Robert’s hand pressed against the back of my head, he pressed a kiss to my ear and laughed softly. “I cannot exactly feel too sorry for you. You always did want him to leave you alone. Now you’ve gotten your wish, albeit not exactly in the way you probably wanted.”
I said something that was so muffled by my close proximity to Robert’s chest, I was certain he didn’t hear it, but he did. Of course he did.
“That wasn’t very nice, Grace.”
“Sorry.”
He chuckled again and then gently pulled me away from him. I tried to hold on with all of my strength, but I might as well have not been trying, his motion so effortless. “You’re a brave girl, Grace. I don’t understand how you could possibly think that you’re susceptible to my, how did you put it, ‘angelic charms’, when you’re far more often trying to be as rude as possible to me.”
I watched as he pushed my hair back with his hand, his leather gloves so well made, they were like a second skin. “There. All fixed. Maybe you’ll be less frightening to Mr. Branke now that your hair looks less like a wild animal and more like something that belongs there.”
“Oh, you-”
This time I shouted the word that I had said into his jacket and laughed at his wide-eyed expression. I was definitely being as rude as possible, that was true. It might have been something that wasn’t entirely a normal, human thing to do, but my body was still human and I couldn’t outrun an angel no matter how hard I tried and as a result, Robert caught me around the middle as I tried to flee, the two of us laughing and appreciating the break in the residual tension.
“I don’t know why you’re so obsessed with being ‘normal’ when the version of ‘normal’ that you seem to be basing this whole artificial goal on happens to deem you anything but,” Robert said as he lifted me back onto the bike. He climbed on swiftly and started the bike with a purr. We traveled the incredibly short distance between parking lots at a leisurely pace, each passing stare causing me to grow redder and redder from the guilt that I had yet
to appease.
“Let’s take a look at some of these people whom you would describe as ‘normal’, shall we? Donovan Gleason over there is what you would deem ‘normal’, right?”
He directed my attention to a red-headed boy in our senior class who was on the basketball team and the swim team, not to mention one of Graham’s closest male friends. I nodded when I thought of how normal his life was. He and his girlfriend Kendra had a fairly solid relationship spanning our entire high school career, and he did fairly well in school, though not so well that he’d get singled out for it.

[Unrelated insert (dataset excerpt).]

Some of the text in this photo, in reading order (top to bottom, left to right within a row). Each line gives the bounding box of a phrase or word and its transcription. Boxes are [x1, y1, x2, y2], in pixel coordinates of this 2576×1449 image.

He was always where the crowds were, always up for anything, and was never looked at as anything but normal here in Heath.

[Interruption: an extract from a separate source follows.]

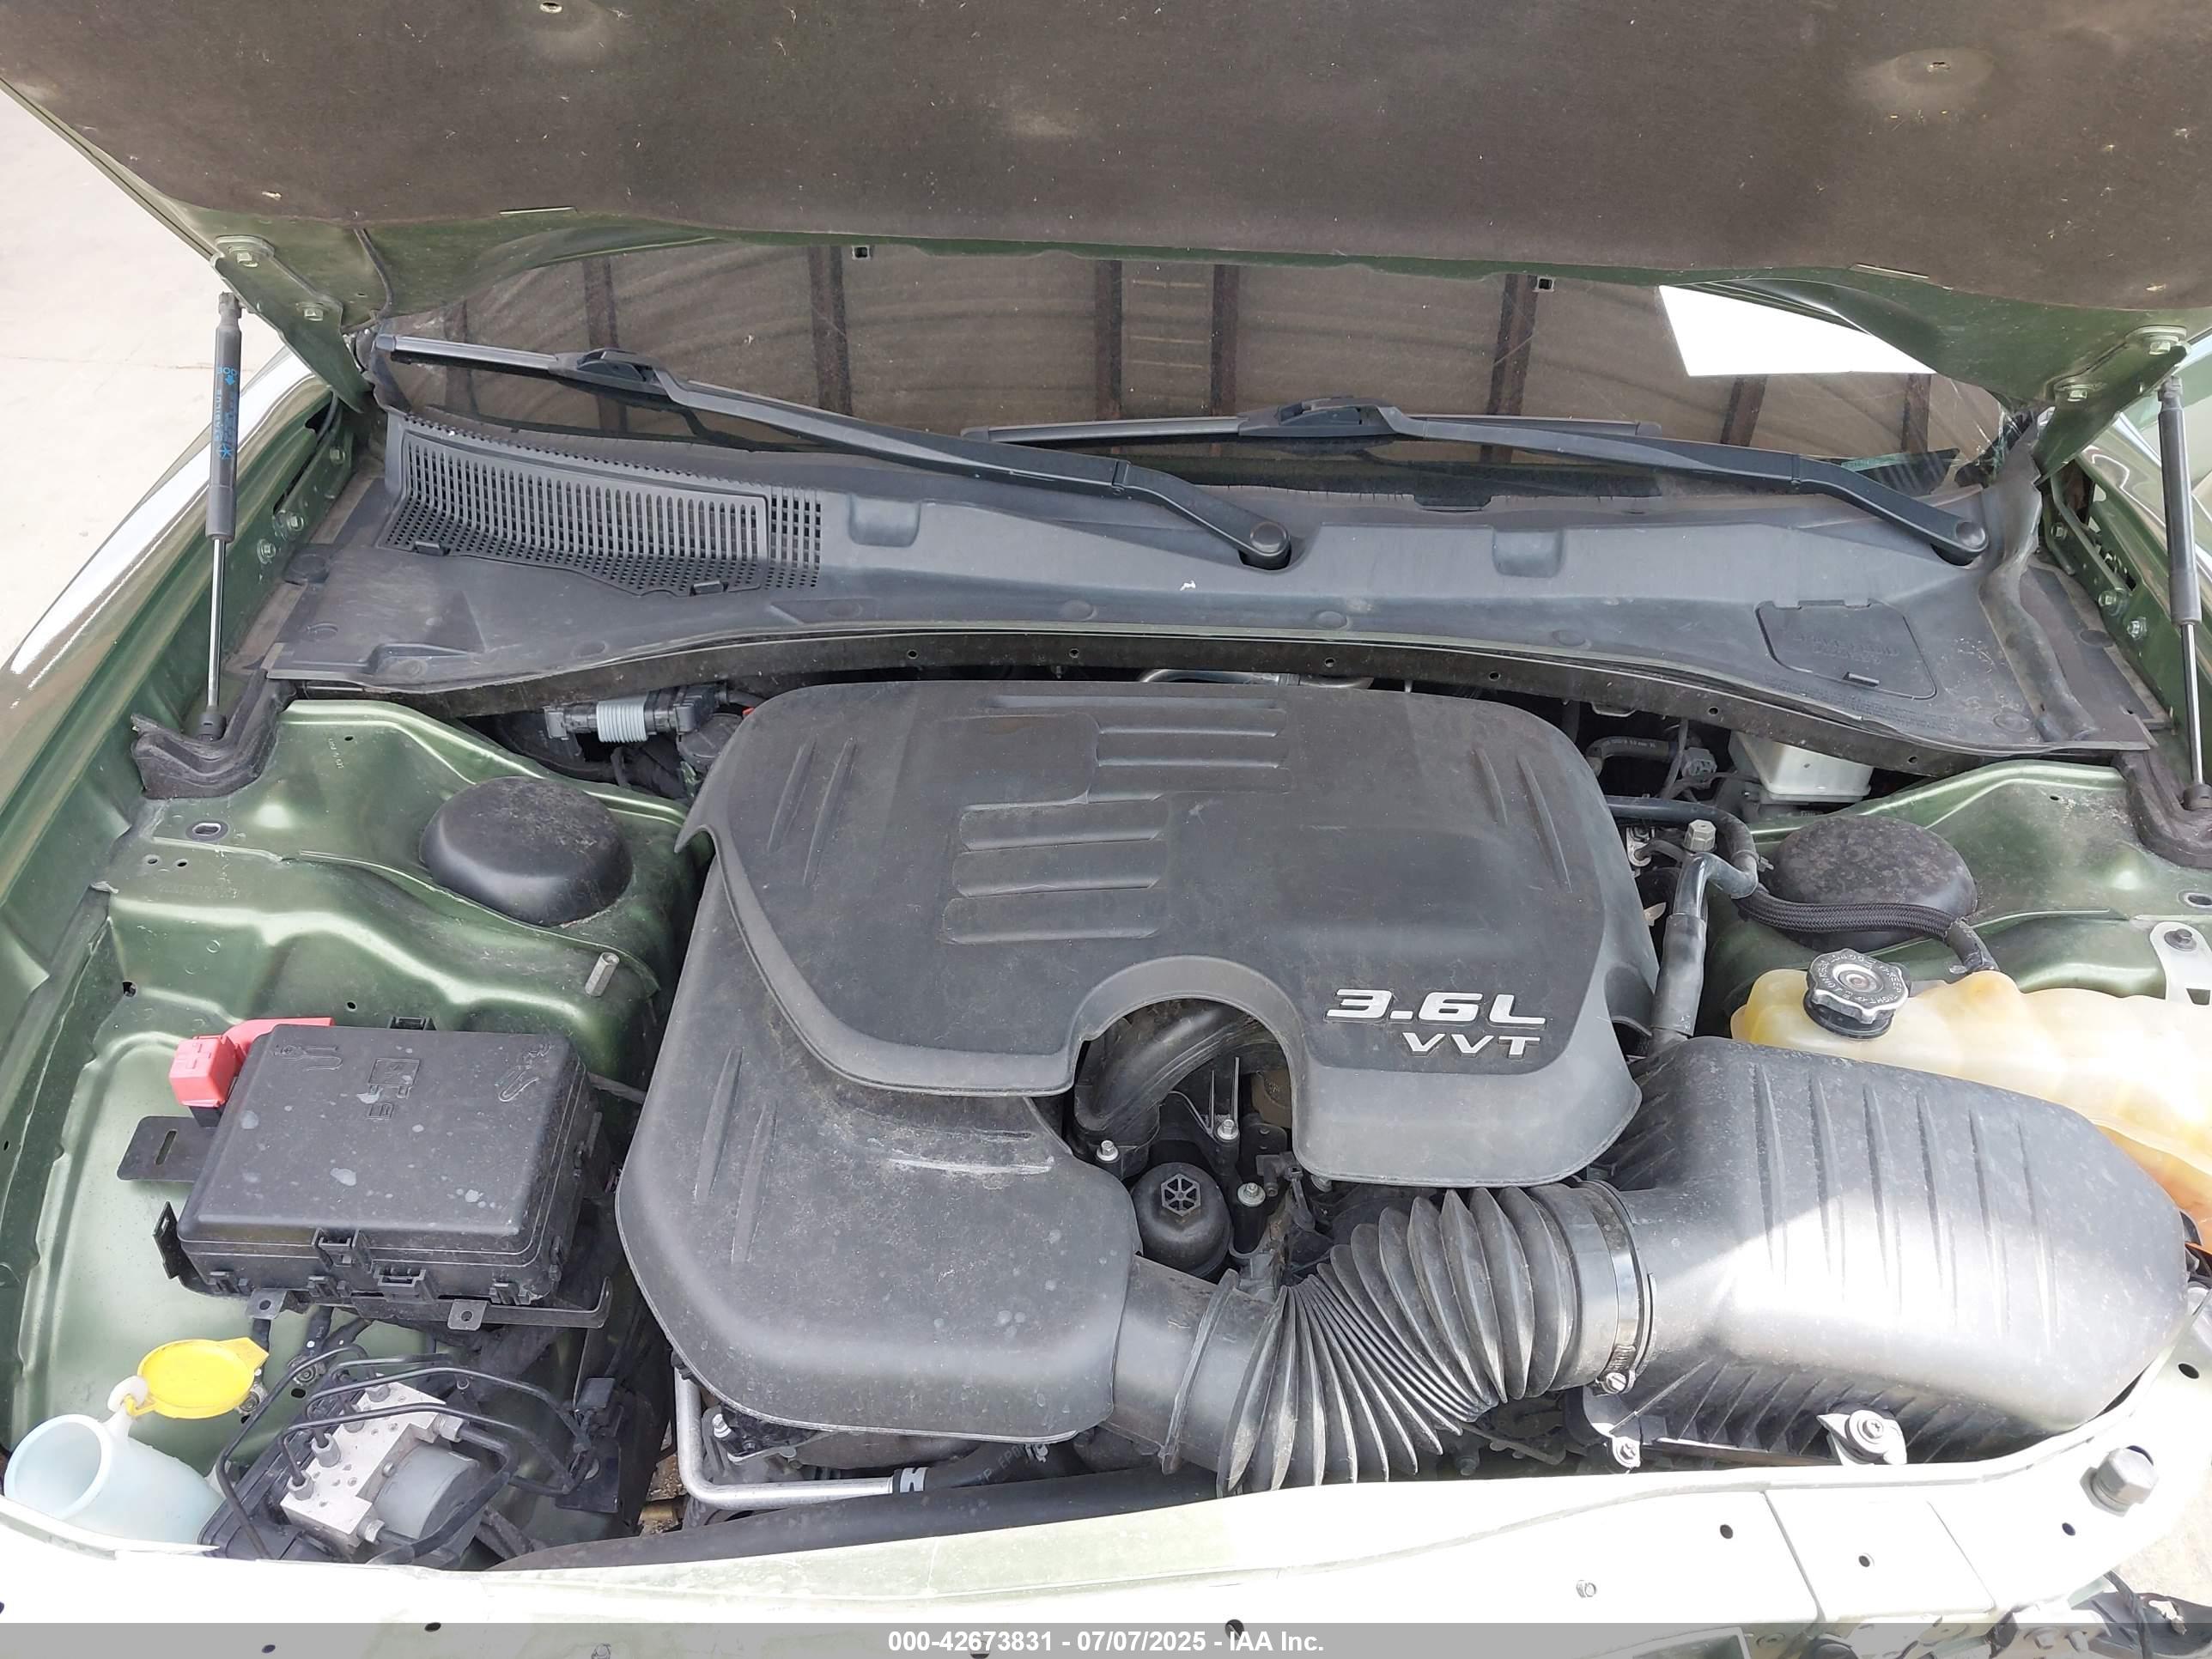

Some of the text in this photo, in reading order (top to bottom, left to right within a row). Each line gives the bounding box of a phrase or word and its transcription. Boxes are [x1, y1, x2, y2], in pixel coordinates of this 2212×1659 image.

[217, 367, 240, 376] BOD
[1326, 988, 1547, 1025] 3.6L
[1402, 1032, 1540, 1057] VVT

“Would you believe me if I told you he was gay?”
I felt my jaw drop. “What?”
He nodded his head. “How ‘normal’ do you think his friends would deem him if they ever found out about that? How ‘normal’ would he be if they learned that he listens to the same bands as they do because he’s attracted to the lead singers?”

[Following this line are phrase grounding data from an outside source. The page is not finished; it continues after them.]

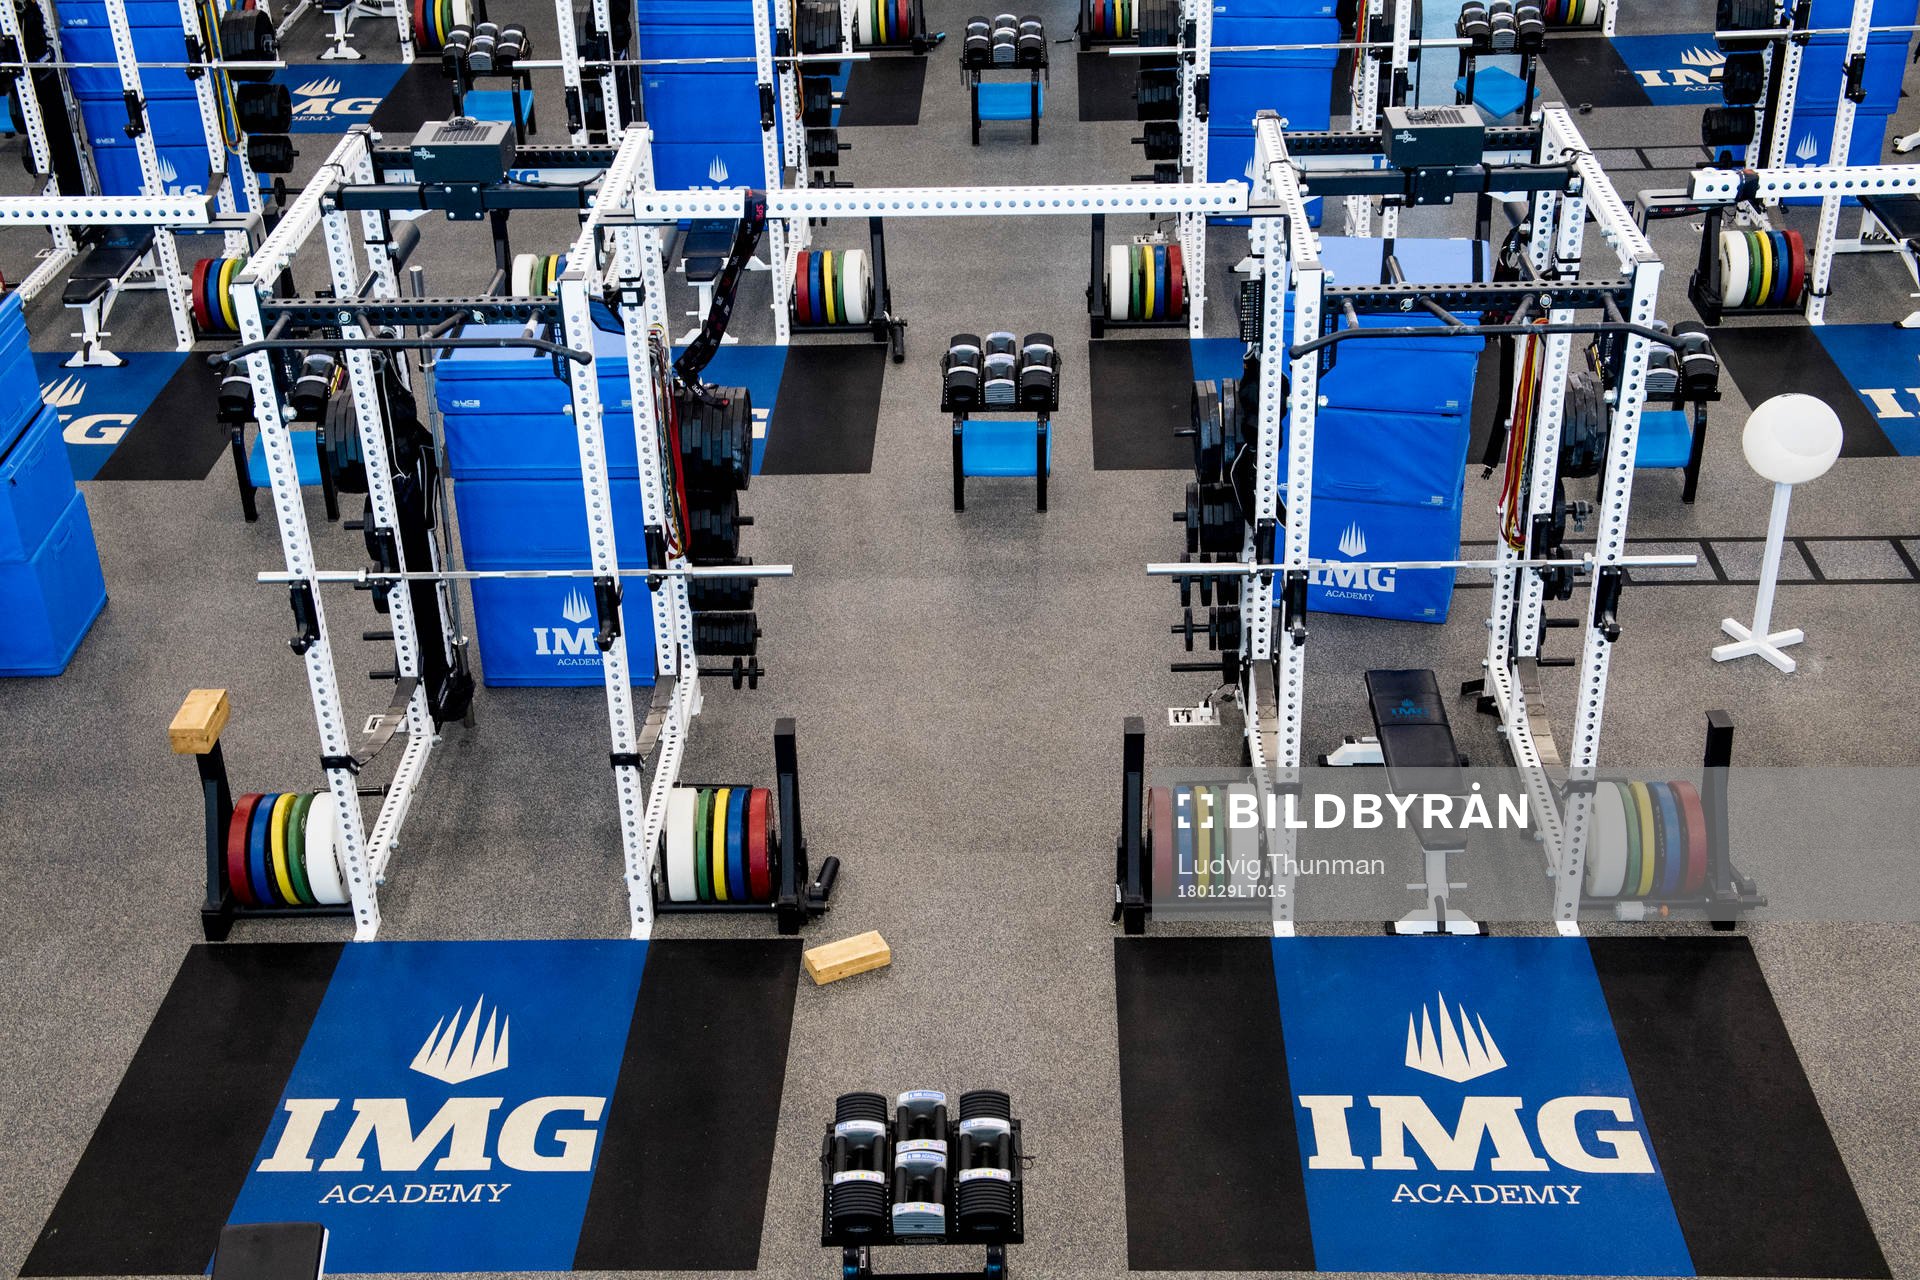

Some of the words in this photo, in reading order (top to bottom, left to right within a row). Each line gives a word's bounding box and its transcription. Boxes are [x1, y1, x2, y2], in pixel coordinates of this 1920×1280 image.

[1634, 67, 1724, 86] IM
[291, 97, 384, 115] MG
[1324, 589, 1375, 602] ACADEMY
[533, 627, 598, 656] IM
[255, 1095, 607, 1172] IMG
[1298, 1095, 1656, 1174] IMG
[318, 1183, 512, 1204] ACADEMY
[1391, 1183, 1582, 1205] ACADEMY

I honestly did not know the answer to that. I had never thought of Donovan as anything but a guy. “I don’t think he’s any less of a great guy, though,” I said as I remembered that he had been the one who helped me bring Graham home one night during our junior year after Graham had snuck a bottle of his father’s whiskey to a study session at the library. He had put up with my panicking and even said that he thought it was ‘cool’ that Graham had a ‘chick’ for a best friend. “Donovan hasn’t changed in my opinion. He’s still a normal guy.”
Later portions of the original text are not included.